*Work item*: If you see a picture in the data below, omit it and copy the rest exactly.

*** Raw data

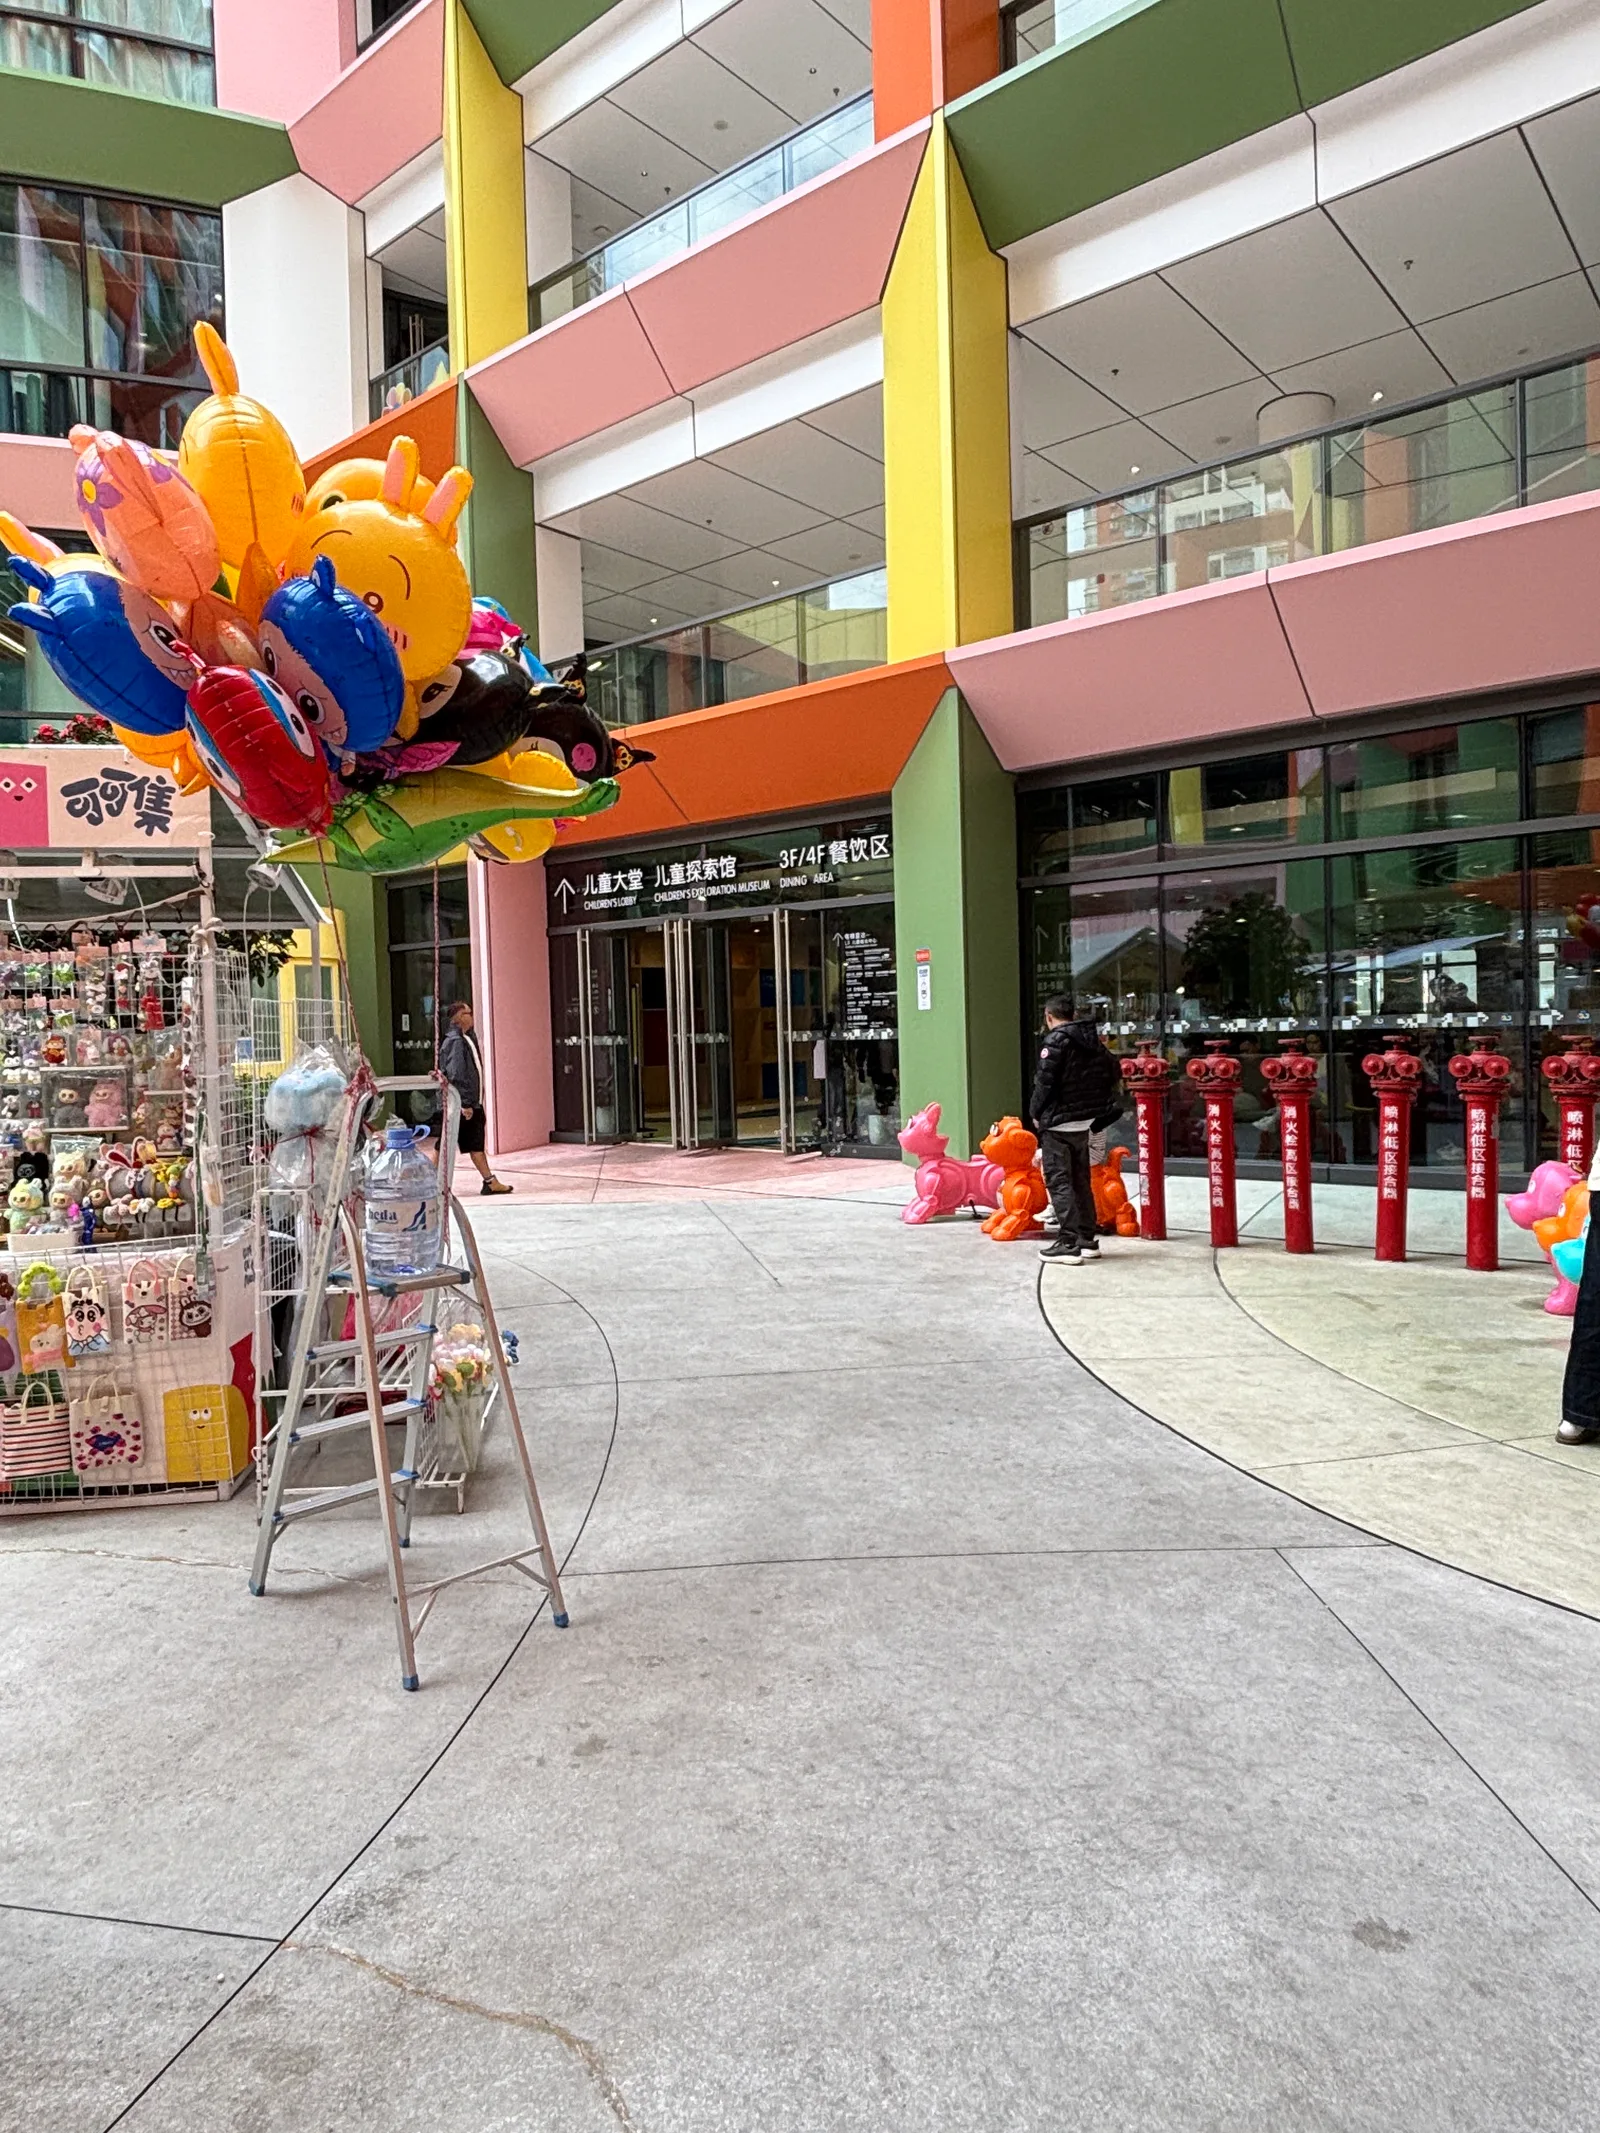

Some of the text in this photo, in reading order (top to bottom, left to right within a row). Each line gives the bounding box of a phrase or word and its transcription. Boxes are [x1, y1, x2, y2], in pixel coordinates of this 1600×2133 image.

[583, 868, 644, 896] 儿童大堂
[653, 854, 737, 888] 儿童探索馆
[779, 871, 834, 888] DINING AREA
[583, 895, 638, 911] CHILDREN'S LOBBY
[653, 879, 771, 903] CHILDREN'S EXPLORATION MUSEUM
[1383, 1105, 1399, 1200] 喷淋低区接合器
[1470, 1108, 1486, 1199] 喷淋低区接合器

******

*Reply to the task*:
Some of the text in this photo, in reading order (top to bottom, left to right within a row). Each line gives the bounding box of a phrase or word and its transcription. Boxes are [x1, y1, x2, y2], in pixel coordinates of this 1600×2133 image.

[583, 868, 644, 896] 儿童大堂
[653, 854, 737, 888] 儿童探索馆
[779, 871, 834, 888] DINING AREA
[583, 895, 638, 911] CHILDREN'S LOBBY
[653, 879, 771, 903] CHILDREN'S EXPLORATION MUSEUM
[1383, 1105, 1399, 1200] 喷淋低区接合器
[1470, 1108, 1486, 1199] 喷淋低区接合器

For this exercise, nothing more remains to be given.